Réalisé par Enrico Alexander Giordano. France. Drame.
1h 12. (Sortie 28 décembre 2011). Avec Boris Beynet
Ce n’est pas souvent qu’on sent et qu’on sait immédiatement qu’un film saisit vraiment quelque chose de son époque et, surtout, en restitue l’essence sous une forme pure et évidente.
Avec "Maître du monde", Enrico Alexander Giordano est ainsi synchro avec le grondement du temps.
Histoire minimale qui dit tout dans son titre, "Maître du monde" est à la fois une proposition théorique réussie et un parcours initiatique où l’énergie du désespoir mène à la beauté transcendée.

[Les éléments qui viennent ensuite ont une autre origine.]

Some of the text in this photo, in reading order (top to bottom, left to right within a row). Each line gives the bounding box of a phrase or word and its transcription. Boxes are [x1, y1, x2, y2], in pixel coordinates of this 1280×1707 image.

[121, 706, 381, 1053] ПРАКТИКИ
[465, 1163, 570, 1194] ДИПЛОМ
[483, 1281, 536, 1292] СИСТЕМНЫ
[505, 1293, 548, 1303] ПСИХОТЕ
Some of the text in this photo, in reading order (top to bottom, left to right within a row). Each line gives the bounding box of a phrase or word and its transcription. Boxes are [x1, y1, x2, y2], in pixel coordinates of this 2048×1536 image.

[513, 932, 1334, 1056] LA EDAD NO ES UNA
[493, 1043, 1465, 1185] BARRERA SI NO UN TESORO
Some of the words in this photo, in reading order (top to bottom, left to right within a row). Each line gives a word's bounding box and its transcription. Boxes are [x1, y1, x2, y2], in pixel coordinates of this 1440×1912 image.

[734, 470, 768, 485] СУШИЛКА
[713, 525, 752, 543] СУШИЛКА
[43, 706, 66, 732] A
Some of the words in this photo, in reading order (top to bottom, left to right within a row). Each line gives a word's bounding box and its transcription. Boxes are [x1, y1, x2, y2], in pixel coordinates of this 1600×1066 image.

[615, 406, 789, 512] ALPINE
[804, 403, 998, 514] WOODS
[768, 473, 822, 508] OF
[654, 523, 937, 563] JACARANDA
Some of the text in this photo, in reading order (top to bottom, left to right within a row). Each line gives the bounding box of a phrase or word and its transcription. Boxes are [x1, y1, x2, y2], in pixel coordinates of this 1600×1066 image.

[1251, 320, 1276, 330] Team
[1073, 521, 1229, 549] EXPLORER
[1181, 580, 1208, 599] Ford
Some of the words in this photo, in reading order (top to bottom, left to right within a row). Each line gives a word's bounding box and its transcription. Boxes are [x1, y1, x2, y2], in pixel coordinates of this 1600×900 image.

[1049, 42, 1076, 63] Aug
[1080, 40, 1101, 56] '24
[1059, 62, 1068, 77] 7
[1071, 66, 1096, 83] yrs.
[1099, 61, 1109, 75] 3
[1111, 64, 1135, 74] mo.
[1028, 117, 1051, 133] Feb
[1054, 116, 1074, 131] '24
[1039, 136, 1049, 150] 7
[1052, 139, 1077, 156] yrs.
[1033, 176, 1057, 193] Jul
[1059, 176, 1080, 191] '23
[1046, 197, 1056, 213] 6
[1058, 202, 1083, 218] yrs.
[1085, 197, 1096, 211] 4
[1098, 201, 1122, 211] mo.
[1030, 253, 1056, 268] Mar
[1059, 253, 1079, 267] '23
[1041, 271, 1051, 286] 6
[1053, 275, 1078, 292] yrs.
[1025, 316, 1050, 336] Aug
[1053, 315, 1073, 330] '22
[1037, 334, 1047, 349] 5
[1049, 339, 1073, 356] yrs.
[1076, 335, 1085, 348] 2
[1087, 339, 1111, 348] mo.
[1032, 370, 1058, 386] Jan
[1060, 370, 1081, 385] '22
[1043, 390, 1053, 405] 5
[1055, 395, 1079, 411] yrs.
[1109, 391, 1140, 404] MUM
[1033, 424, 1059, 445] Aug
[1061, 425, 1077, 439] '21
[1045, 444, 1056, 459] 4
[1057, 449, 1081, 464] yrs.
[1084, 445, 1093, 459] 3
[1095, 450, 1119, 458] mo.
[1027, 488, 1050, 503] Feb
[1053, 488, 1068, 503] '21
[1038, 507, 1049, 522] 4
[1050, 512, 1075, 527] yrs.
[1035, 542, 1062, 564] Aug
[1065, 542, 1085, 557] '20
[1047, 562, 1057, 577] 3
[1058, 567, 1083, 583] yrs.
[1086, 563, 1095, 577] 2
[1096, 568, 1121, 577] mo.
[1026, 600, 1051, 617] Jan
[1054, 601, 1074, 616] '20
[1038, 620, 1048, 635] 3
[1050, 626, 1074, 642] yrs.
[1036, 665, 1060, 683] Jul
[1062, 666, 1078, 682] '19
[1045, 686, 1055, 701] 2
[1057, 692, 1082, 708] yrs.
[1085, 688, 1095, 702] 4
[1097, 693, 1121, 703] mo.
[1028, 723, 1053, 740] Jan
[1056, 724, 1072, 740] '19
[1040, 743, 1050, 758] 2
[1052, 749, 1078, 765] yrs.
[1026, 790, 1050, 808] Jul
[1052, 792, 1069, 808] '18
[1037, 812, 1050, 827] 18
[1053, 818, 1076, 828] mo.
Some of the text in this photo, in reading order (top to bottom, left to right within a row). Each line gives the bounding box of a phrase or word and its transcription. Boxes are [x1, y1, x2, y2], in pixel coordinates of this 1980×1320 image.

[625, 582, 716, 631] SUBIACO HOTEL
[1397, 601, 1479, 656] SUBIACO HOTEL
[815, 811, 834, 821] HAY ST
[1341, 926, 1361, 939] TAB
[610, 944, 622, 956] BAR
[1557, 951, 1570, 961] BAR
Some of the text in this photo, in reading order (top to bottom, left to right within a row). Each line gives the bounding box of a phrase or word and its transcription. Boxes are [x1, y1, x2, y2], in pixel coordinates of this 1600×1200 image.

En suivant ce portrait nietzschéen d’un homme qui s’extrait de la comédie humaine, celle des traders et de l’argent fou, pour redevenir un homme face à lui-même et à la nature, le spectateur va également vivre une expérience unique.
Dans un cadre montagneux extraordinaire, le voilà seul devant un homme solitaire, partageant avec lui une vue imprenable sur des gouffres et des cimes. Et cet homme, il l’observe, il l’épie dans chaque instant de ses escalades grâce à la caméra mouvante et mobile d’Enrico Alexander Giordano. Il en découvre l’étrange étrangeté et peut même s’étonner de ses manières raffinées.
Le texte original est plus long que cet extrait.